Le problème que pose notre inscription dans le projet moderne et ses images est évident : elle aggrave la crise du monde musulman en utilisant le discours islamique pour légitimer les mythes de l’ordre séculier. La différence entre la non-crise et la crise, comme le note Sabet, se situe à la limite entre ce qui est autoréférentiel et ce qui est alter-référentiel. L’autoréférence renvoie à un état dans lequel nos idéaux se reflètent dans la réalité ; nos concepts justifient une réalité qui émerge de cette image. L’alter-référence renvoie à l’état dans lequel les concepts islamiques sont utilisés pour justifier les réalités endogènes d’un monde que nous n’avons pas créé, comme c’est le cas du monde musulman aujourd’hui (Sabet, 2008, 1). On peut prendre pour exemple l’idée de plus en plus populaire selon laquelle l’espace soi-disant « neutre » de l’État séculier est en corrélation avec l’idée islamique de shura, ou que les valeurs ostensiblement universelles de l’État moderne sont conformes aux maqasid (« finalités ») de la shari’a, ou que le « bien public » déterminé arbitrairement par l’État est incarné par le concept de maslaha (« utilité »). Dans ces trois cas, les concepts islamiques sont utilisés pour légitimer la souveraineté quasi-divine de l’État moderne. Le Coran décrit parfaitement cet état de choses comme un état de fitnah à propos duquel il dit : « wa l-fitnatu ashaddu mina l-qatl » (la fitnah est pire que le meurtre). Comme le dit si bien Sherman B. Jackson, la fitnah « est clairement une institution, un système consciemment préservé de domination normalisée » (Jackson 180, 2005). L’image du soi et du monde qui est intériorisée, à son tour, rend le musulman immobile à la fois au niveau de la cognition ou de la conscience et au niveau de la praxis et de l’action.

L’ère séculière fournit un faux optimisme par le biais d’un langage à prétention universelle sur la « liberté » et le « choix », et elle dissimule ses mécanismes qui relèvent du tout contraire : la subversion et la force. La gamme des choix est prédéterminée, délimitant ce qui est possible et impossible, légitime et illégitime. Les images intériorisées forgées par l’ère séculière créent un « optimisme cruel », un attachement optimiste dont l’objet est lui-même un obstacle à la réalisation des désirs qui y conduisent (Berlant 2011, 227). En d’autres termes, nous investissons un faux espoir dans les appareils prétendument « neutres » de l’État séculier, pour constater ensuite que nous avons dû renoncer à nos objectifs et, comme l’a démontré le Printemps arabe, faire face à une répression violente. Cela démontre à quel point le pouvoir séculier est omniprésent, dans sa capacité à façonner nos sensibilités, nos espoirs et nos aspirations.

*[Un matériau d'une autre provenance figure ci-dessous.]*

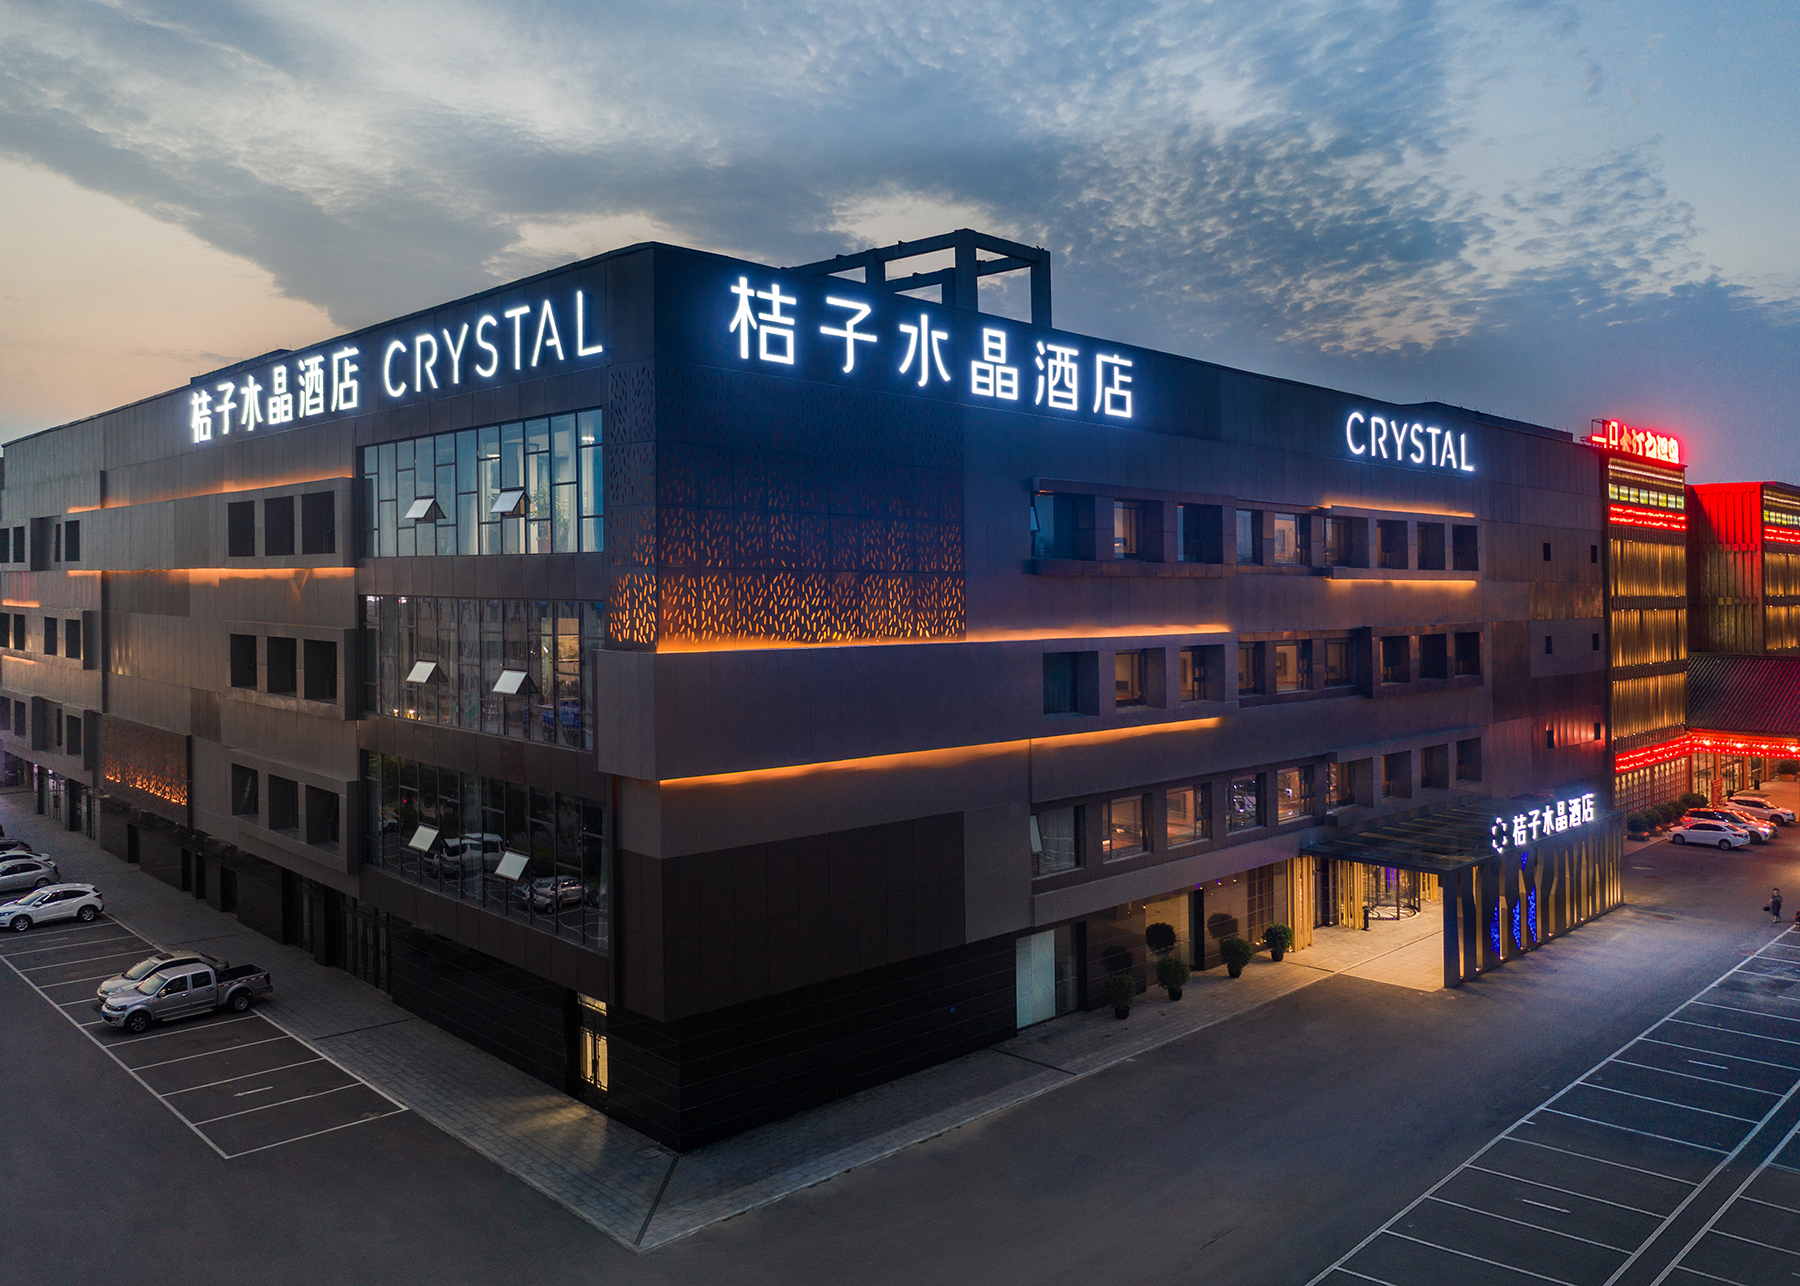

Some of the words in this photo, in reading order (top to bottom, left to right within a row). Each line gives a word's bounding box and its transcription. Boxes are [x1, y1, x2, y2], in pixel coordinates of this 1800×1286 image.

À notre époque, cet optimisme ou espoir cruel prend deux formes : politique et apolitique. La première forme investit l’espoir dans l’État séculier existant. La seconde investit l’espoir dans une stratégie apolitique dans laquelle nous travaillons « en dehors de la politique » et nous concentrons sur l’individu et la communauté musulmane. Dans les deux cas, l’espoir devient une alternative illusoire à l’action. C’est un espoir passif et impuissant qui existe aux côtés de l’ordre hégémonique dominant.

Le pouvoir séculier, ses horizons métaphysiques et l’oppression

La domination normalisée ne peut être comprise exclusivement au niveau politique. Le séculier ne délimite pas seulement nos horizons politiques mais s’étend au-delà : Il délimite nos horizons métaphysiques. Le terme « métaphysique » ne se réfère pas ici à une spéculation intellectuelle abstraite mais plutôt à une orientation existentielle qui définit l’homme, Dieu et les relations homme-Dieu. La métaphysique est l’arrière-plan « impensé » à travers lequel nous pensons et évoluons dans le monde. L’opération métaphysique centrale de la modernité est la réoccupation de la souveraineté de Dieu avec la souveraineté sur le monde – la souveraineté se référant à la totalité des possibilités. Dans ses manifestations les plus modérées, la souveraineté sur le monde est fondée sur une théologie du déisme providentiel dans laquelle Dieu est étranger au monde, laissant à l’homme le soin de créer des ordres imaginatifs et politiques par l’autocréation, ce qui en fait un « second créateur ». L’idée même d’un espace politique autonome et « neutre » émane de ces hypothèses métaphysiques qui fondent cette souveraineté sur le monde. La possibilité d’une politique fondée sur la conscience de Dieu devient de plus en plus impossible. Ainsi, dans notre auto-subversion aux horizons politiques dictés par l’État séculier, nous sommes absorbés par ses horizons métaphysiques et nous occultons des possibilités plus radicales. Ce n’est pas seulement que nous sommes recréés à l’image de ces « seconds créateurs » – un acte d’effacement – mais nous intériorisons aussi une image du monde et de Dieu qui émerge de cet état de subversion.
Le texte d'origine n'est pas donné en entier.